Book review: Beyond the Wall: East Germany, 1949–1990, by Katja Hoyer (Penguin 2023)
Many of us only know the former East Germany (GDR) at second hand, through the eviscerating prose of Anna Funder (in Stasiland) or Timothy Garton Ash (The File), or through bracing, daunting films such as “The Lives of Others”. Those images may coalesce into a collage of dodgy athletes, shoddy knock-off goods, myriad informers, homicidal border guards, brutally repressive leaders and the obscenity of the Berlin Wall.
Katja Hoyer, herself born in the GDR, offers a more comprehensive, chronological compendium of life in the East. She rightly notes that “the GDR is pictured as a grey, monotonous blur – a world without individuality, agency or meaning”. One salient question is whether East Germans perceived their country in those terms, at least before reunification obliged them to confront the fact that almost everything they had cherished was actually a shameless lie or a grotesque delusion. There might be a lot of ruin in a nation, as the great economist Adam Smith claimed, but, during its four decades in existence, the GDR plumbed the depths of such ruin.
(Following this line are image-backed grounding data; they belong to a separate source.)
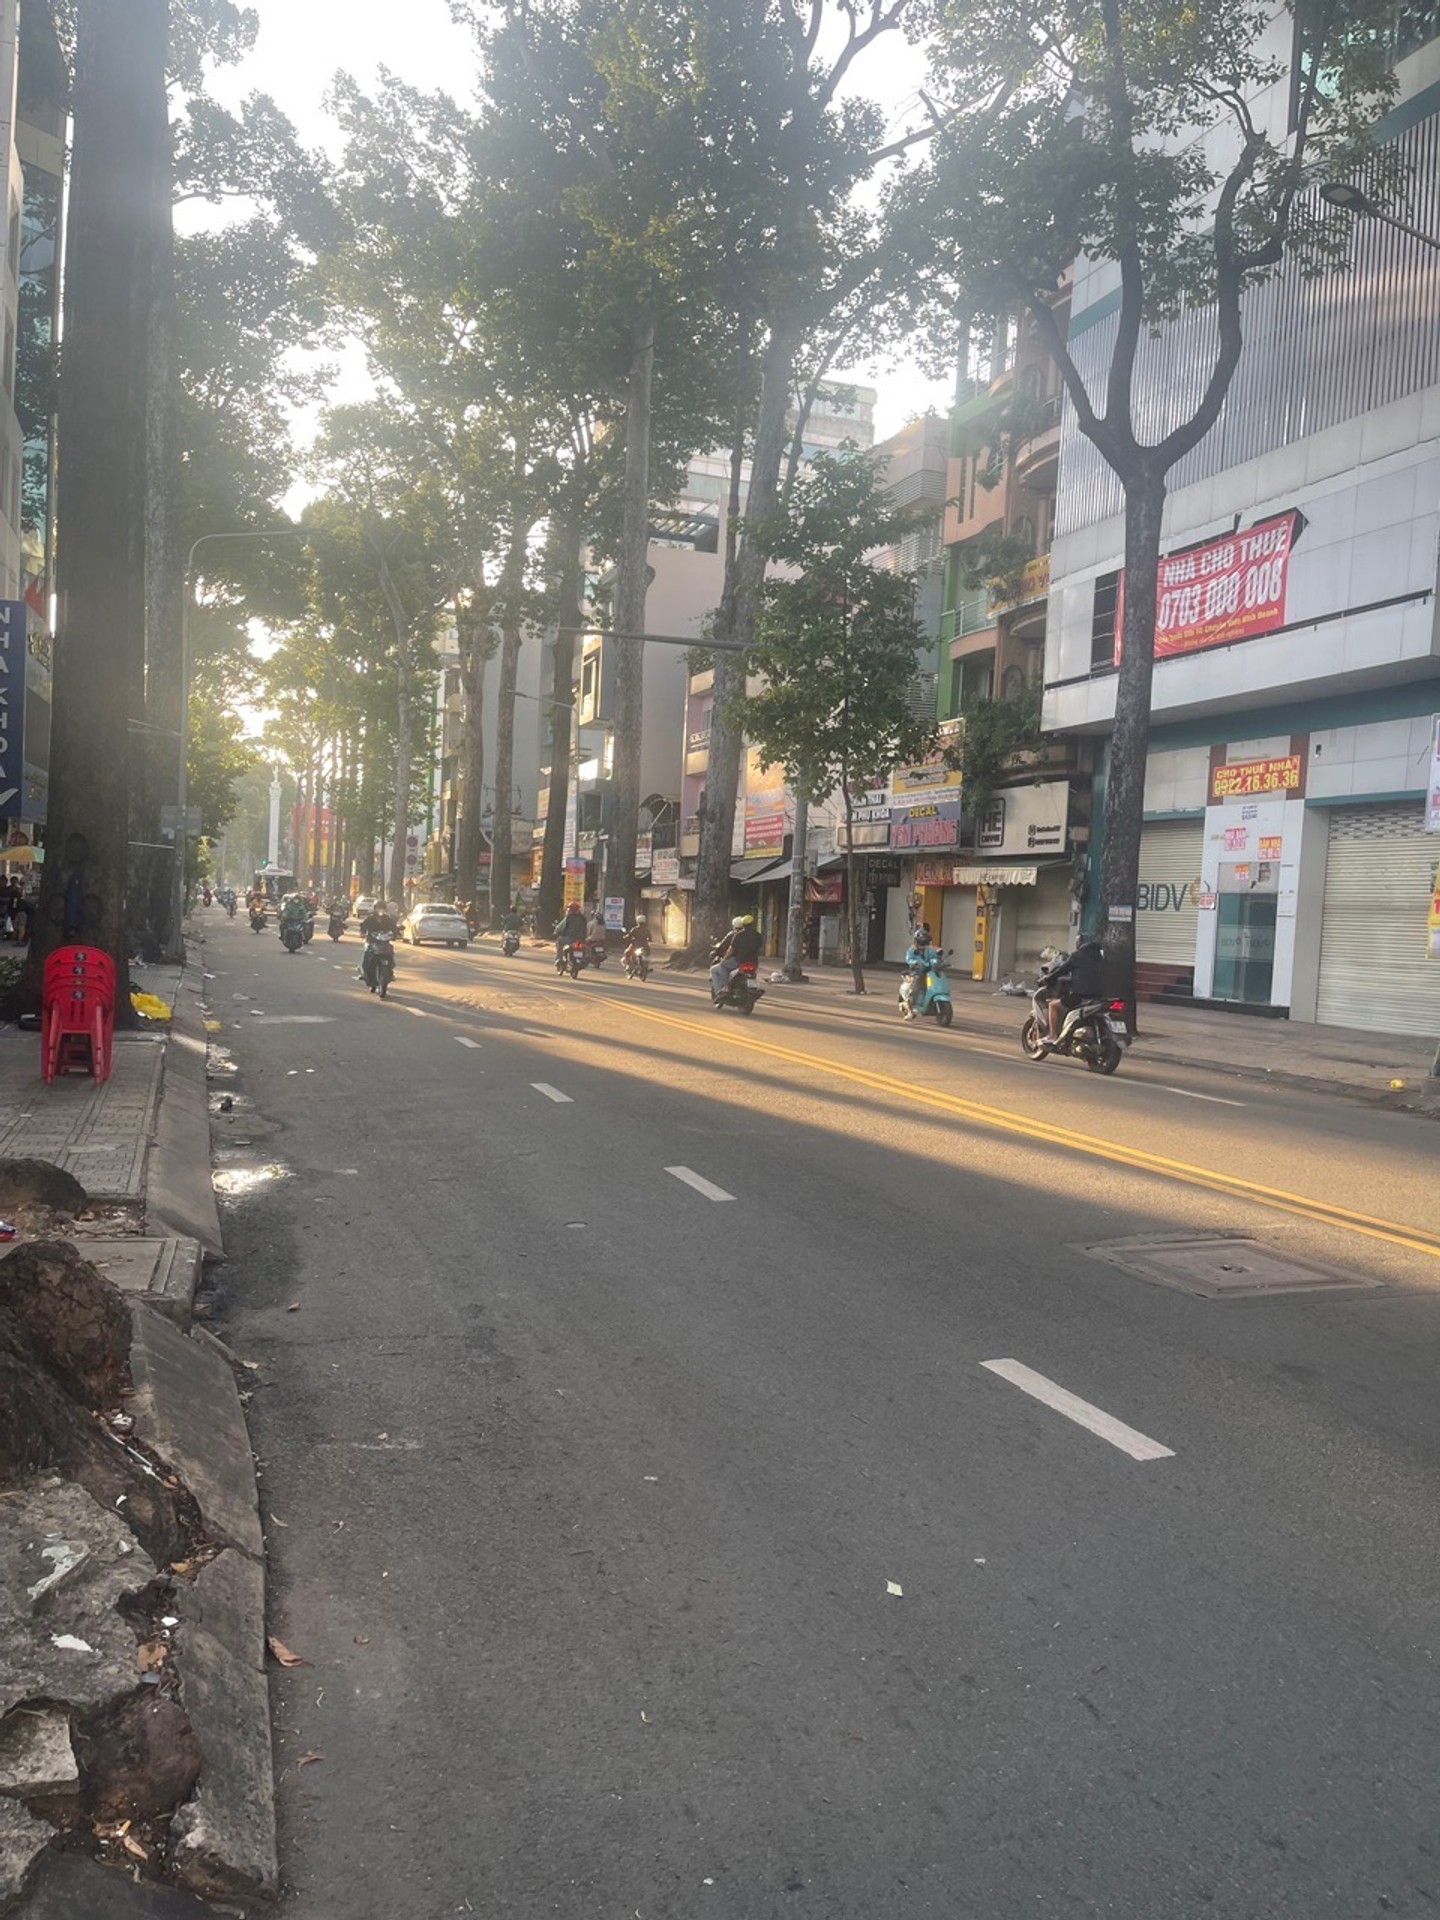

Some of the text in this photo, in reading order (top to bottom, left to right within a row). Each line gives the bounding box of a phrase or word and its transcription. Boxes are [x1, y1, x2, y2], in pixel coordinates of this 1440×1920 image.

[1200, 542, 1235, 575] CHO
[1240, 520, 1288, 563] THUÊ
[1216, 767, 1238, 780] CHO
[908, 805, 939, 818] DECAL
[1137, 883, 1188, 911] BIDV
During my time in Germany, I would regularly walk along Friedrichstrasse after work with my young son down to the old Checkpoint Charlie, the most infamous entrance to the GDR. We would talk about how that border crossing used to work: the watchtowers, barbed wire, vicious Alsatians, machine guns, searchlights and the Wall. Although he trusted my memory, my son simply had no frame of reference to account for a regime so ruthless and reprehensible.
Detouring towards Potsdamer Platz offered (and still offers) an equally confusing, cluttered palimpsest. Once the engine of German power, as Luftwaffe headquarters, a drab building now performs the same function as the Finance Ministry. In the interval, between those incarnations, the building hosted the inauguration of the GDR’s first leader and was the site of a would-be uprising in 1953.
Hoyer provides one earnestly constructed frame of reference for all that jumbled history. She traces the history of East Germany from Stalin’s decision to send a group of cynical, sycophantic German exiles to Berlin in 1945 (the few he had not purged) until the regime’s almost inadvertent opening of the Wall in 1989. Hoyer’s chronicle is enlivened by many vignettes from the lives of ordinary Germans, as well as by sweet ironical touches.
Hoyer explains, for instance, how, within their own police state, GDR leaders lived in a claustrophobic community behind a wall, monitored and controlled by the secret police. She notes that the secretary to the Stasi boss prepared a labelled drawing on the precise positioning of his breakfast items. Hoyer even summons a whiff of nostalgic affection for the GDR’s ludicrously under-powered Trabant cars.
Hoyer is not, however, at all sentimental about East Germany’s record of missed chances, monstrous repression and moral corruption. She offers a tantalising series of what-ifs — semi-plausible scenarios in which the fate of East Germans might have proved less dire. Hoyer is fair, balanced and understanding, qualities never associated with her subject.